Why soil nematode soil testing is critical

USQ nematologist Kirsty Owen says growers should conduct soil testing to identify nematode species so they could select the right crop to reduce the potential impact on yields.

USQ nematologist Kirsty Owen says growers should conduct soil testing to identify nematode species so they could select the right crop to reduce the potential impact on yields.


Growers are being encouraged to conduct soil testing to identify nematode species so they can select the right crop to reduce the potential impact on yields.


QUEENSLAND and NSW grain growers are being urged to test soil for root lesion nematode species and population ahead of summer crop planting with research showing some new crop varieties have increased susceptibility to the parasitic pest.

The research conducted by the University of Southern Queensland’s Centre for Crop Health with funding from the Grains Research Development Corporation (GRDC) examined summer crops susceptibility to specific root lesion nematode species.

USQ nematologist Kirsty Owen, who led the research, said the new data highlighted the importance of growers’ soil testing to identify nematode species, so they could select the right crop to reduce the potential impact on yields.

Dr Owen said the main nematodes found in Queensland and New South Wales arePratylenchus thornei and Pratylenchus neglectus. They are found in 77 per cent of paddocks throughout the two states with new data indicating Pratylenchus thornei is more widely distributed and found in greater, more damaging numbers than P. neglectus. 

“Root lesion nematodes are a significant problem that costs northern region growers $47 million in lost wheat production annually,” Dr Owen said.

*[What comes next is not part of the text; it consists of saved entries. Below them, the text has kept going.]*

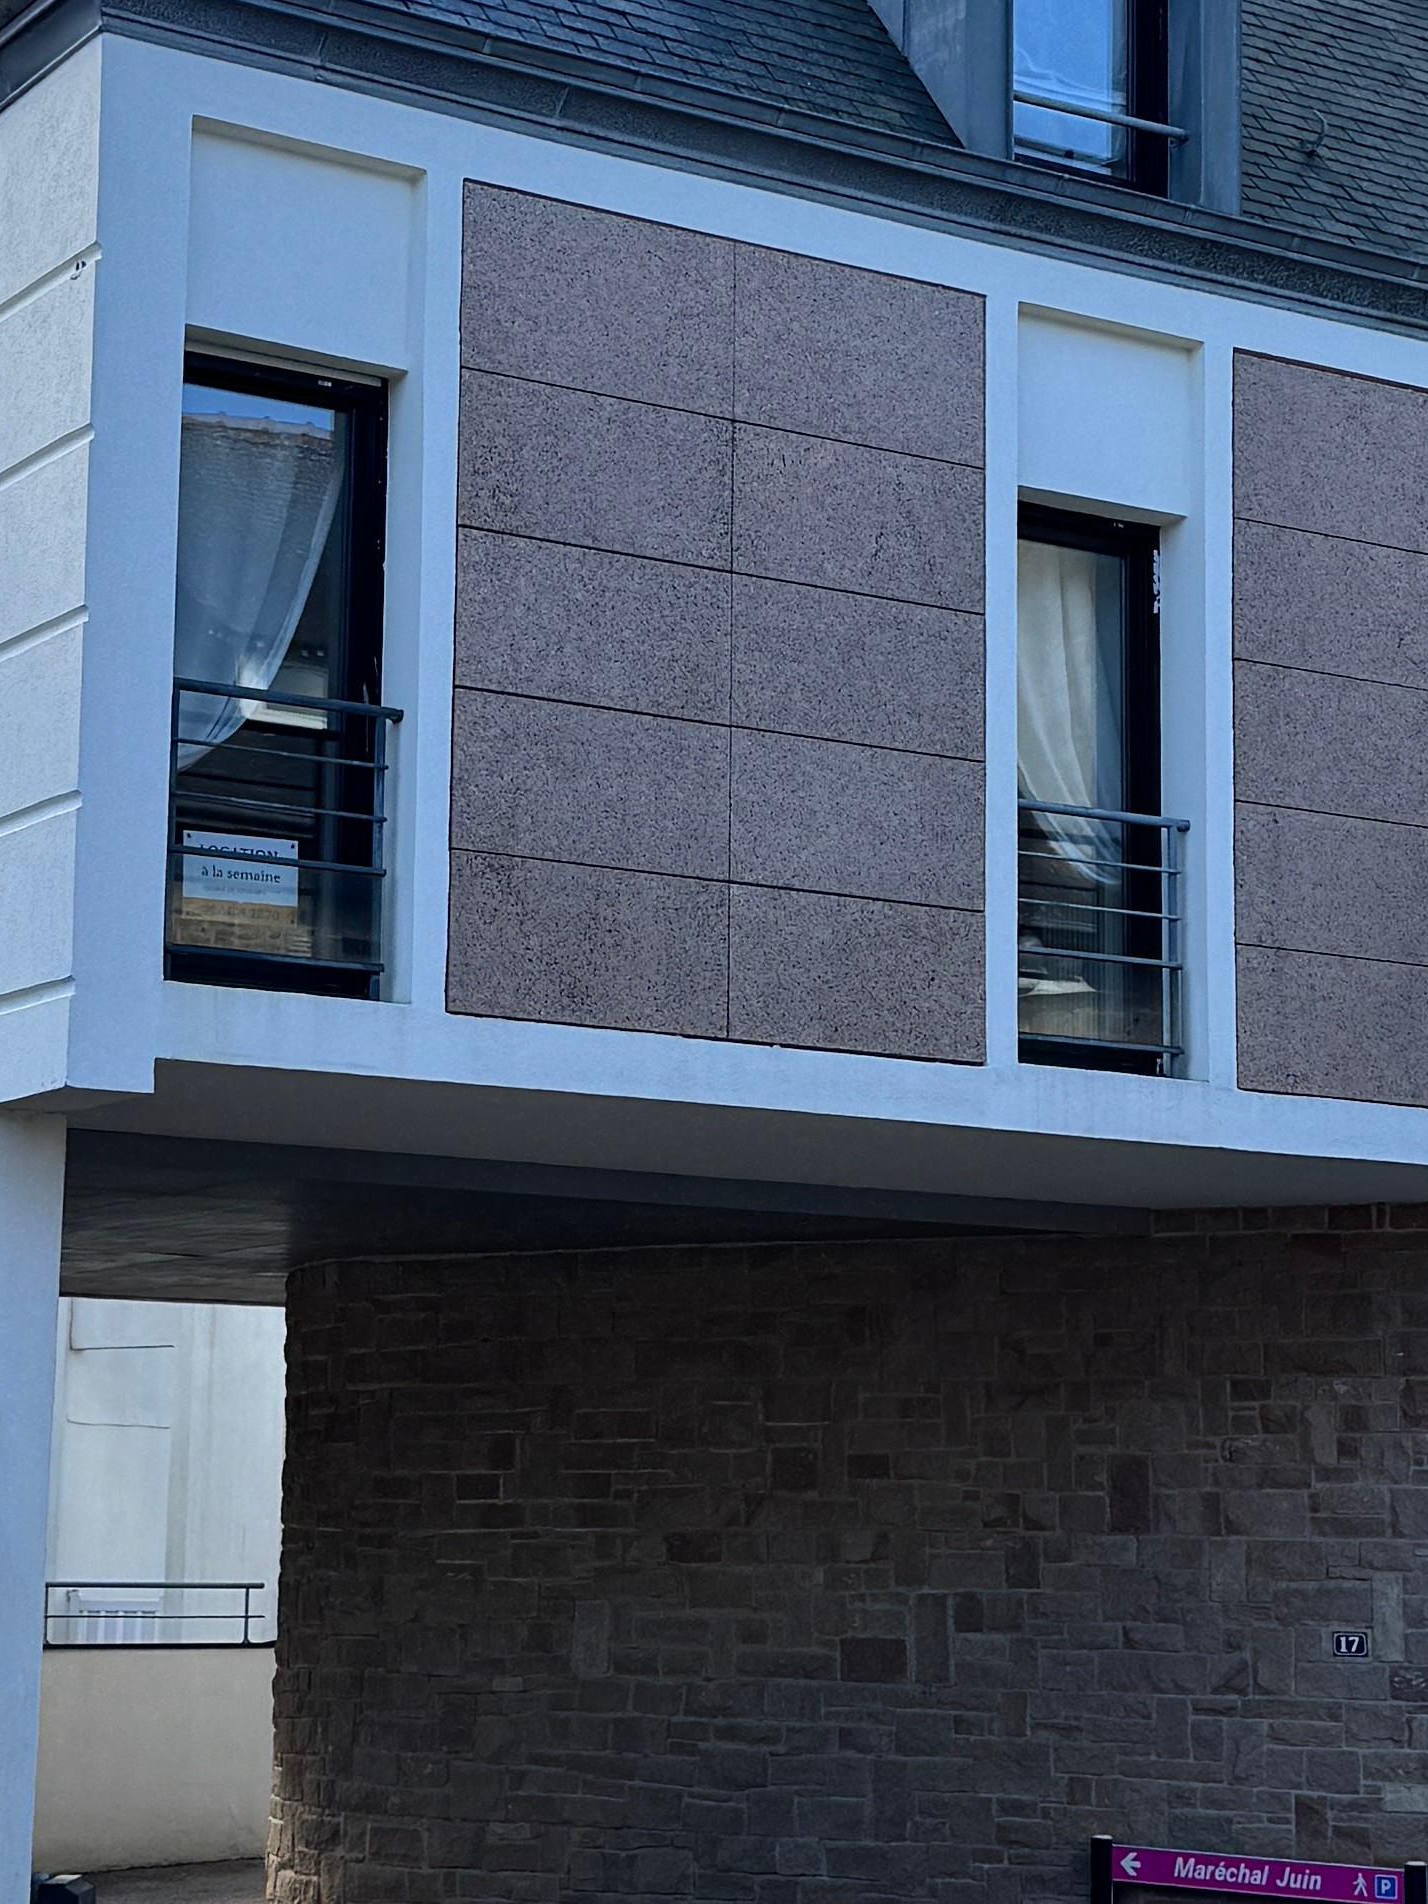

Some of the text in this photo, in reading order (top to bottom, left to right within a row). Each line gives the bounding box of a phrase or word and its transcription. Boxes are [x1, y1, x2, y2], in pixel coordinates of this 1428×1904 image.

[212, 864, 223, 877] la
[227, 869, 281, 884] semaine
[1339, 1636, 1360, 1653] 17
[1173, 1856, 1270, 1886] Maréchal
[1275, 1866, 1322, 1891] Juin

“They can reduce yields of intolerant varieties by up to 70pc in wheat and 6.5pc in chickpeas, but growers can reduce the potential yield risk by determining nematode species and selecting the most suitable crop and variety to use in their rotation.

She said most summer crop varieties are nematode-tolerant, meaning they will grow well where root lesion nematodes are present. But some varieties are susceptible and will increase nematode numbers.

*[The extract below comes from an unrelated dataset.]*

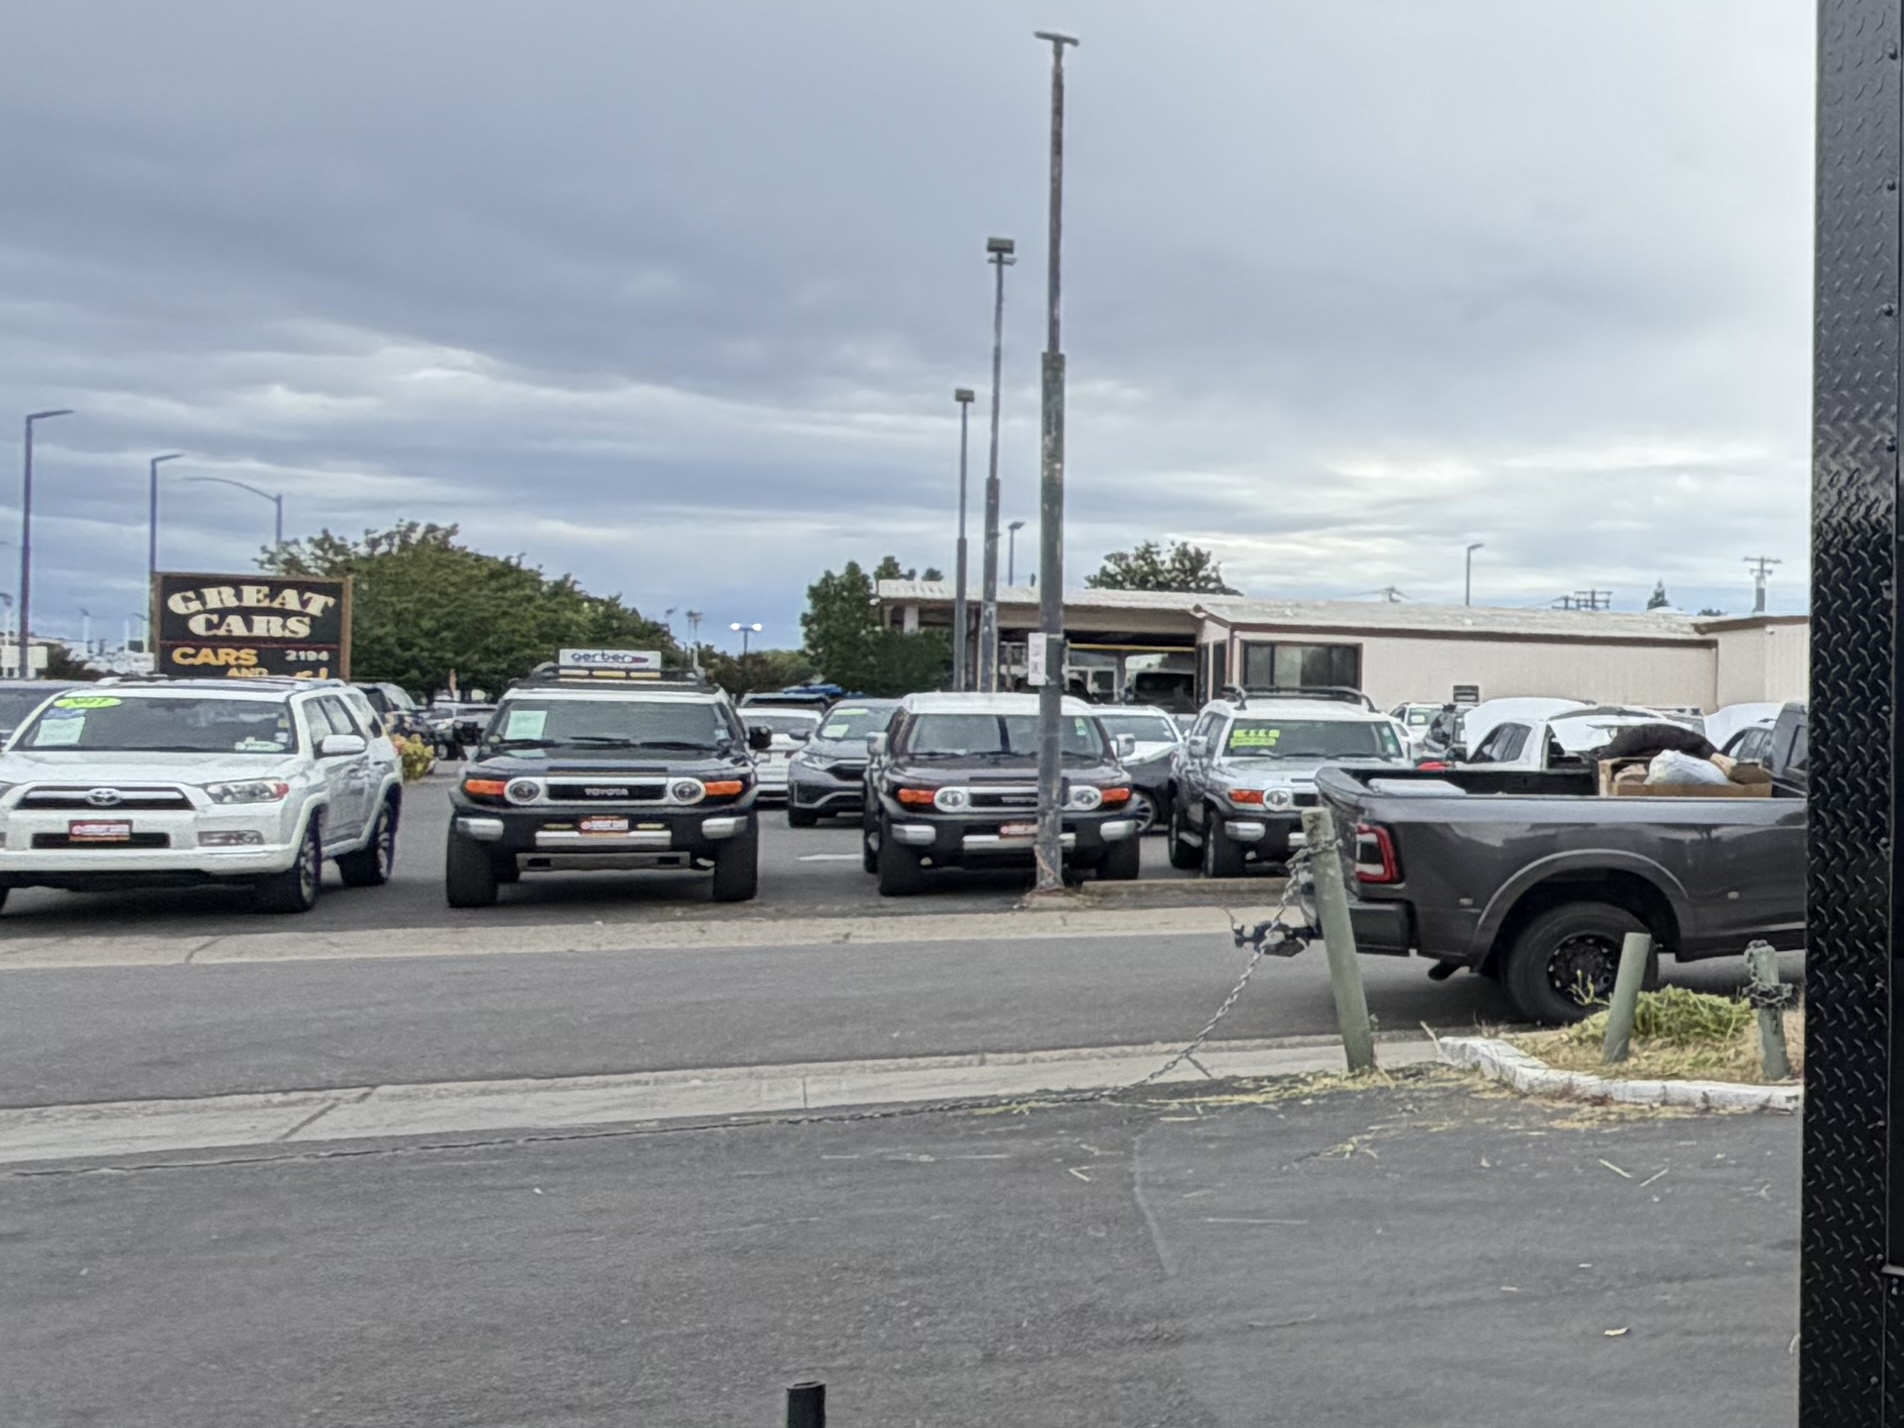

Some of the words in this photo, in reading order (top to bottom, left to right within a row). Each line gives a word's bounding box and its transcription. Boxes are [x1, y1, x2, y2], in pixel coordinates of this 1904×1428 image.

[167, 585, 336, 617] GREAT
[188, 613, 311, 638] CARS
[172, 647, 259, 666] CARS
[584, 788, 629, 796] TOYOTA

“Summer crops with resistance to root lesion nematodes offer a means of reducing populations, but only when you know what species of nematodes are present,” Dr Owen said.

“Effective management of root lesion nematodes starts with growers identifying populations present in paddocks. In the northern cropping region more than 2000 nematodes per kilogram (or 2 per gram of soil) anywhere in the soil profile equates to a potentially damaging population.

“Very high nematode populations are reduced by increasing the number of resistant crops grown consecutively in rotations. It may take two or more resistant crops to reduce damaging populations, but with careful planning growers can minimise the impact of root-lesion nematodes on farm profits.”

Dr Owen said once growers knew which nematode species are present in their paddock and the population size, they could plan crop rotations to: 1. select tolerant varieties so that yields are maximised, and 2. reduce the size of the populations by growing resistant crops.

“One moderately resistant crop in a sequence is not enough to reduce damaging populations of nematodes. Growers need to plant two or more resistant crops grown consecutively to get on top of root-lesion nematodes.”

She said the new research would further help growers with summer crop selection to reduce specific nematode species and population in paddocks.

“This new research shows mungbeans are susceptible to P. thornei but are poor hosts of P. neglectus. So the take home message for mungbeans is to be aware that they will cause P. thornei to increase and should not be included in rotations where you are trying to reduce populations of P. thornei,” Dr Owen said.

“We also found that maize may not suffer yield loss due to P. thornei, but some hybrids of maize will cause populations of the nematode to build up and put the next crop at risk of attack.

“While sorghum is an excellent crop to include in rotations where P. thornei is present because it is moderately resistant. However, sorghum is susceptible to P. neglectus so growing sorghum will cause populations of P. neglectus to increase and remain in high numbers to attack the next crop.

“Our results indicate that forage sorghum hybrids are also susceptible to P. neglectuswith the sweet sorghum hybrids being most susceptible and the grain sorghum/Sudan grass-cross hybrids being moderately susceptible.”

She said the findings emphasised the importance of soil testing ahead of crop selection when it came to developing an on-farm strategy to reduce populations of specific RLN species.

She advises growers to test soil for nematodes every three to five years. PreDictaB (South Australian Research and Development Institute) offers soil tests for both species of root-lesion nematodes.

“We can’t eliminate nematodes, but if growers know the nematode species present then with strategic crop choices and the right rotations they can minimise their impact on farm profitability.”